(Saved entries)
= Beginning of Section =

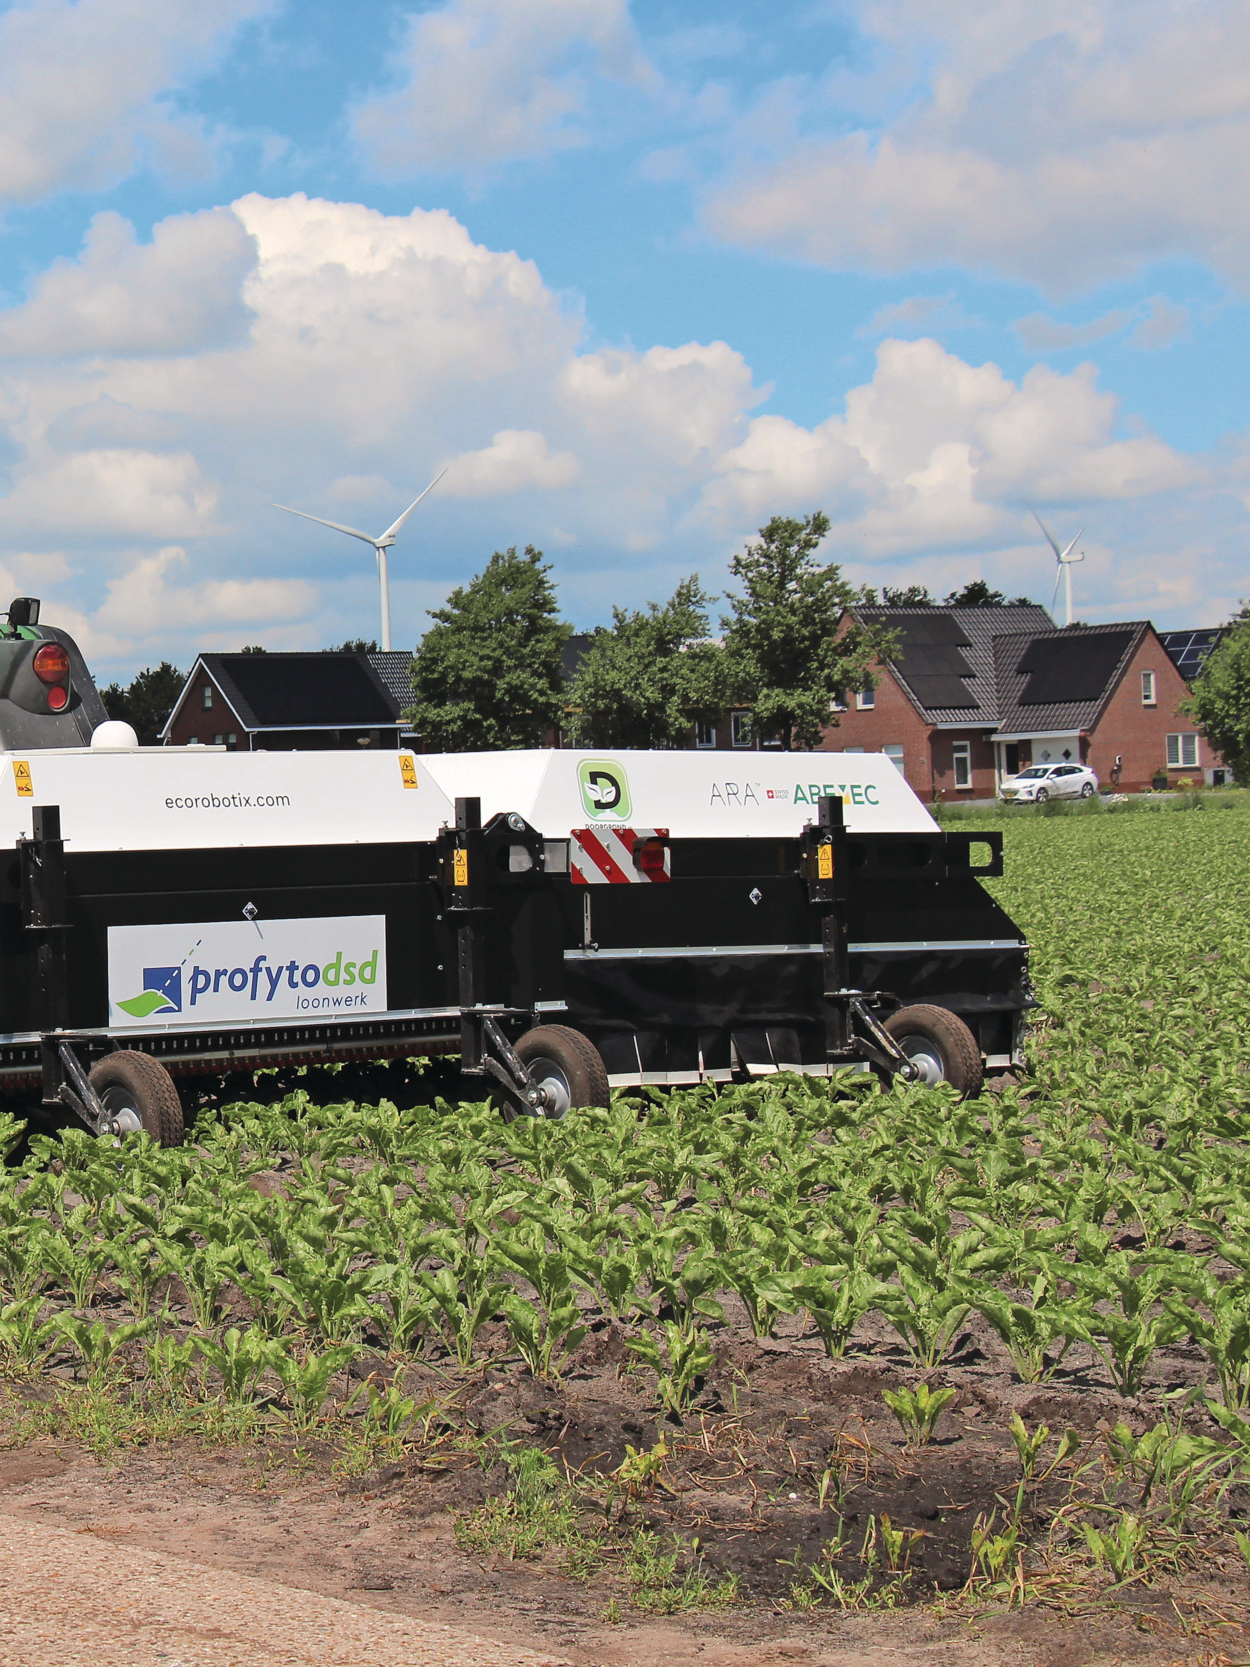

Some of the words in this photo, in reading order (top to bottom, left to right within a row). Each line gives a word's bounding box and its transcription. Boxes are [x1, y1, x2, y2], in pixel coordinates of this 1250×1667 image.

[164, 792, 291, 809] ecorobotix.com
[187, 949, 379, 1006] profytodsd
[296, 992, 368, 1010] loonwerk
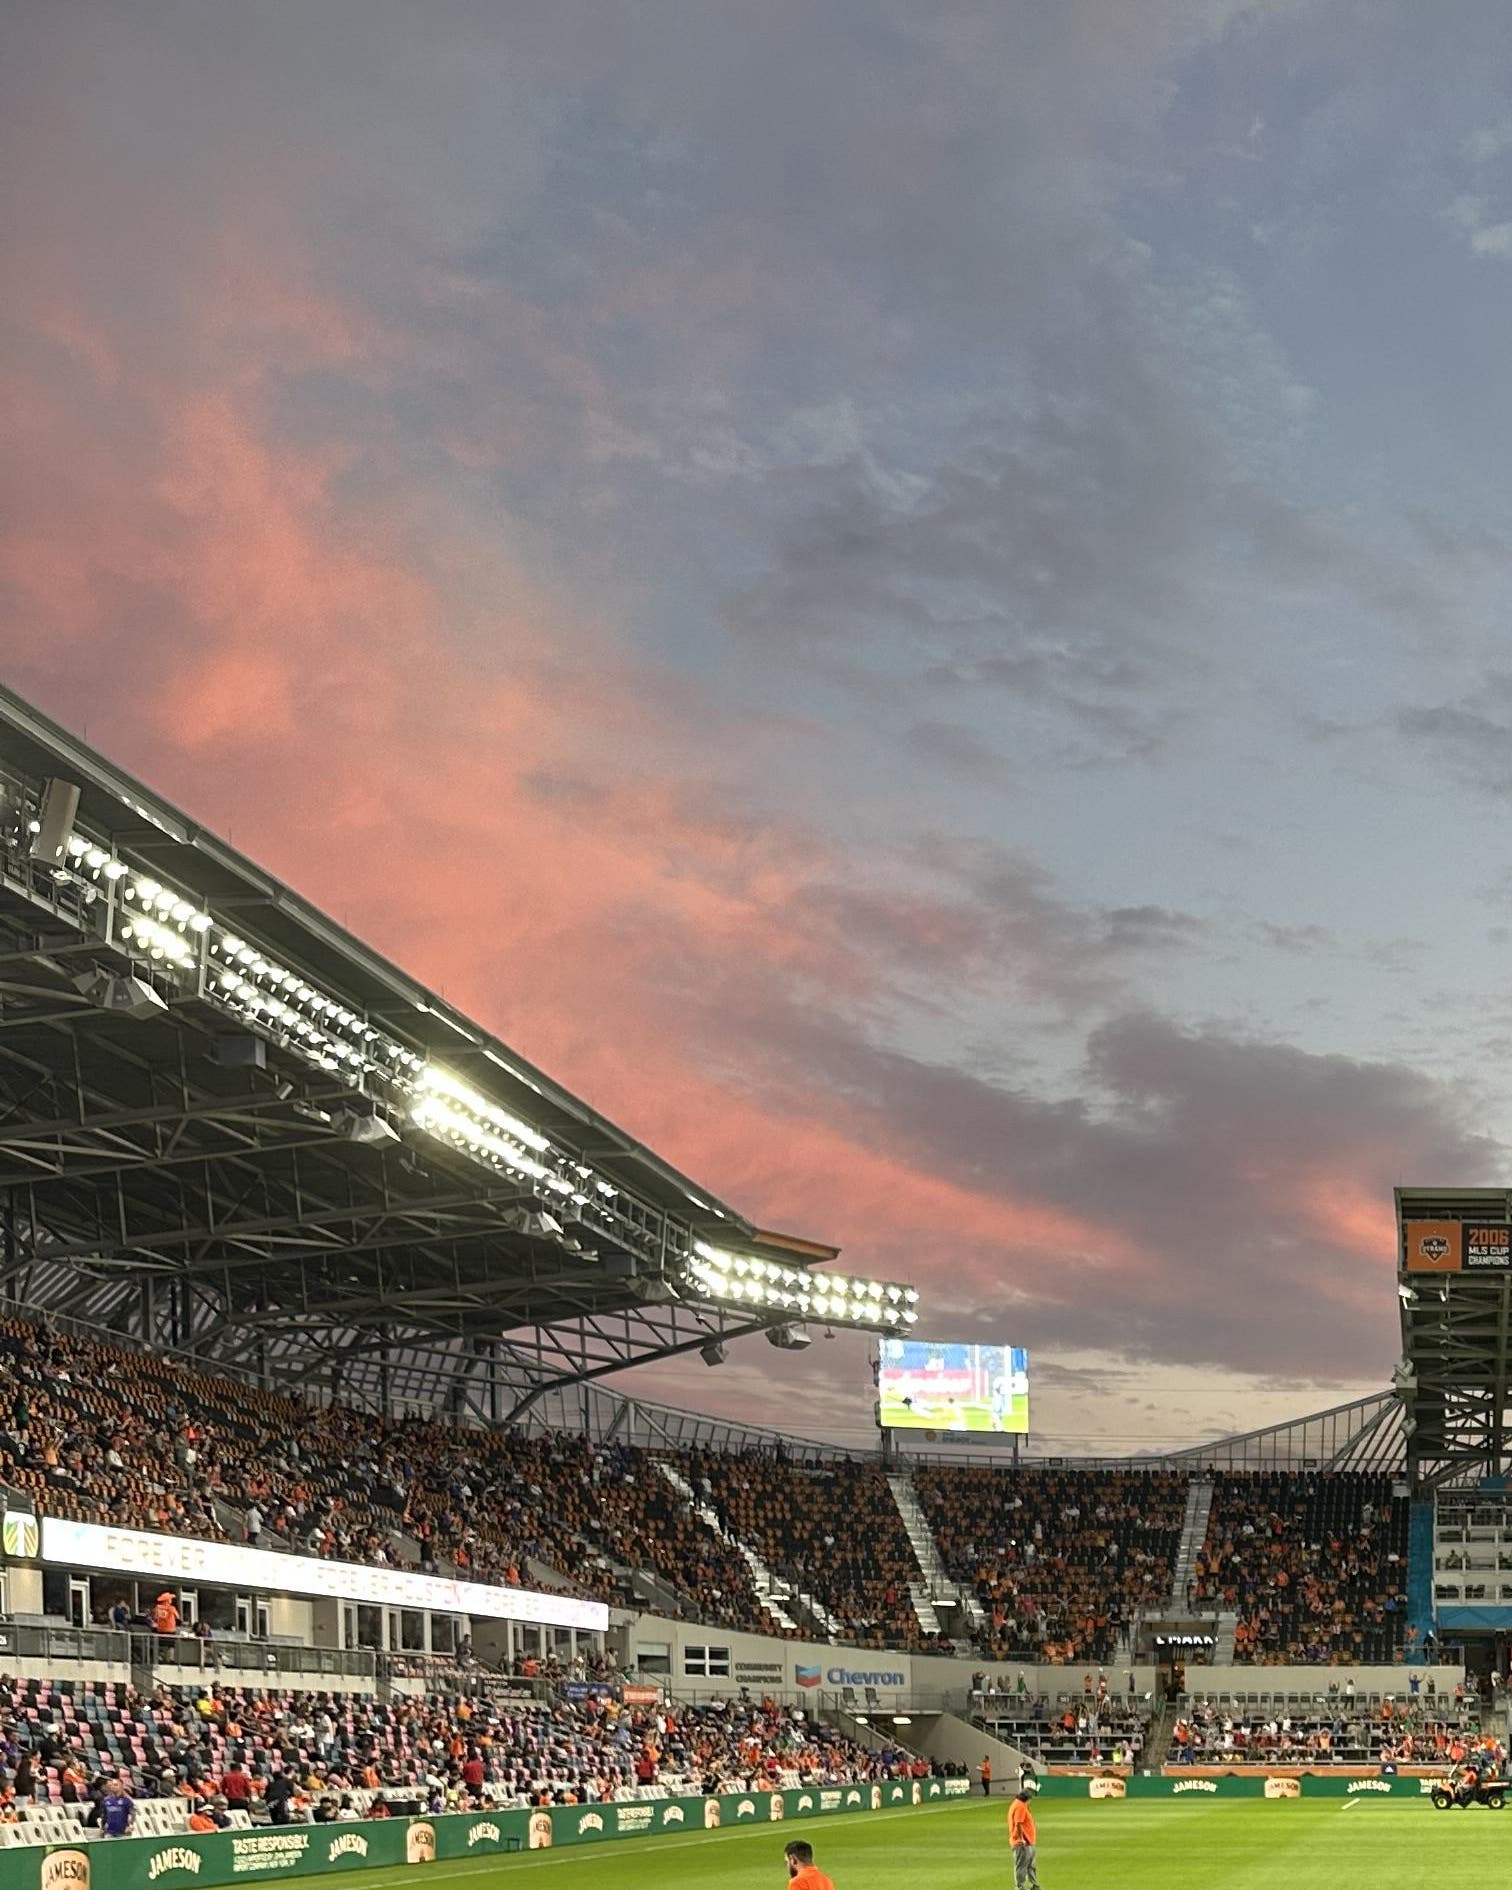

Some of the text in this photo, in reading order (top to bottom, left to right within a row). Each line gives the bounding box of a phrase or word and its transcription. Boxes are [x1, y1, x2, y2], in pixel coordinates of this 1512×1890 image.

[1469, 1229, 1509, 1245] 2006
[1468, 1246, 1509, 1255] MLS CUP
[1468, 1256, 1510, 1266] CHAMPIONS
[827, 1668, 905, 1686] Chevron
[1173, 1780, 1218, 1793] JAMESON
[1347, 1779, 1392, 1793] JAMESON
[233, 1837, 257, 1855] TASTE
[329, 1833, 369, 1862] JAMESON
[149, 1847, 202, 1880] JAMESON
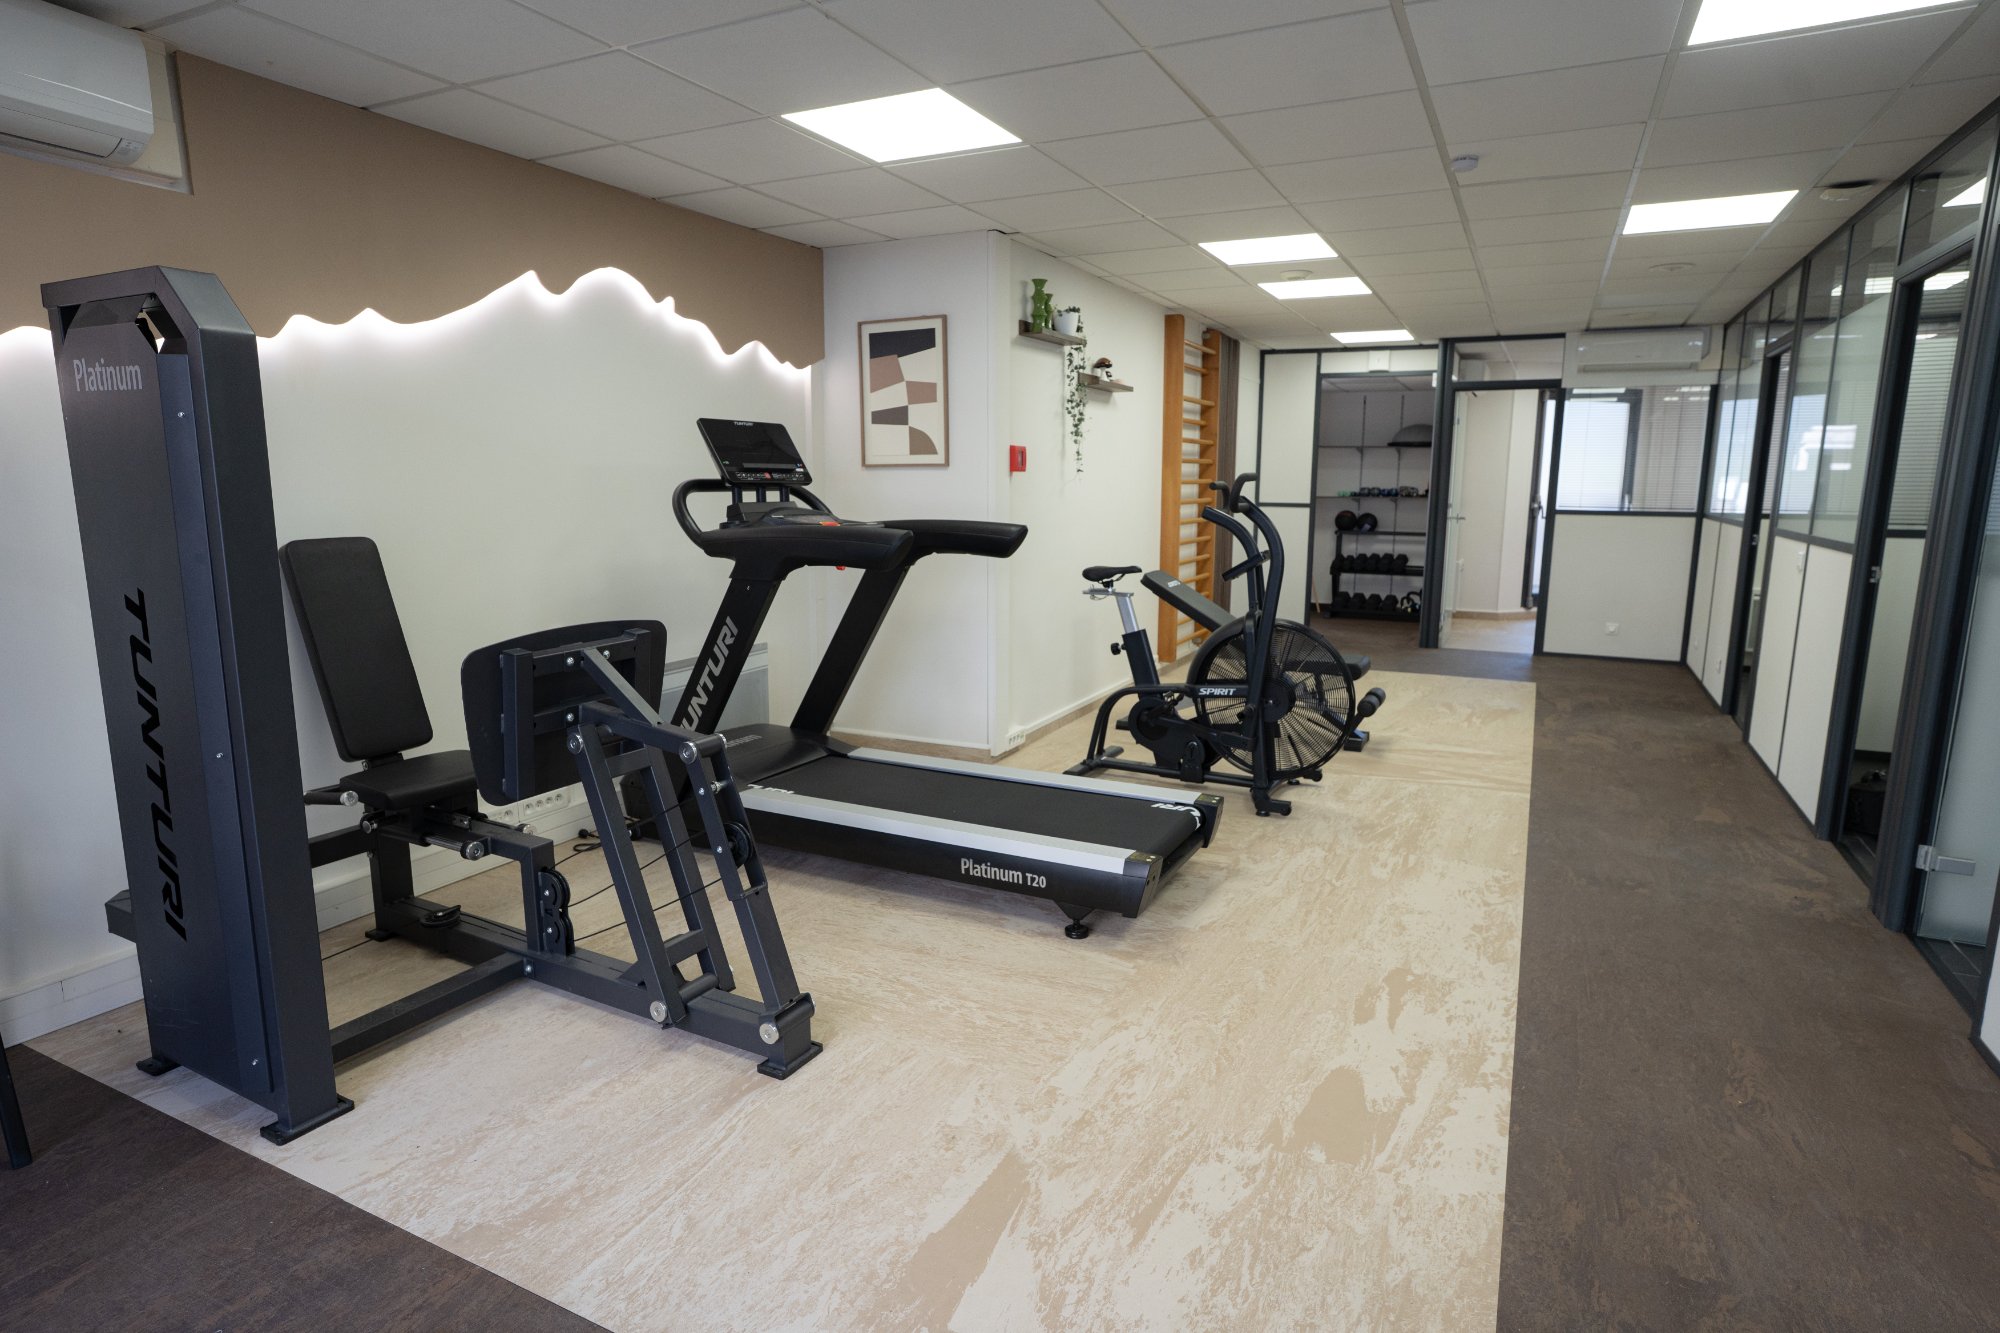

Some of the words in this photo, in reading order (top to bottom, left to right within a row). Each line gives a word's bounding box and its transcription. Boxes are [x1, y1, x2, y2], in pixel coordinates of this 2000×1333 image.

= End of Section =

WHAT YOU WILL DO: Return each entry exactly as it appears above, but exclude the pictures.

SOLUTION TO THIS TASK:
Some of the words in this photo, in reading order (top to bottom, left to right within a row). Each line gives a word's bounding box and its transcription. Boxes are [x1, y1, x2, y2], in pixel coordinates of this 1250×1667 image.

[164, 792, 291, 809] ecorobotix.com
[187, 949, 379, 1006] profytodsd
[296, 992, 368, 1010] loonwerk

Some of the text in this photo, in reading order (top to bottom, left to right within a row). Each line gives the bounding box of a phrase or word and its transcription. Boxes are [x1, y1, x2, y2], in pixel coordinates of this 1512×1890 image.

[1469, 1229, 1509, 1245] 2006
[1468, 1246, 1509, 1255] MLS CUP
[1468, 1256, 1510, 1266] CHAMPIONS
[827, 1668, 905, 1686] Chevron
[1173, 1780, 1218, 1793] JAMESON
[1347, 1779, 1392, 1793] JAMESON
[233, 1837, 257, 1855] TASTE
[329, 1833, 369, 1862] JAMESON
[149, 1847, 202, 1880] JAMESON

Some of the words in this photo, in reading order (top to bottom, left to right within a row). Each line gives a word's bounding box and its transcription. Boxes are [x1, y1, x2, y2], in pixel coordinates of this 2000×1333 image.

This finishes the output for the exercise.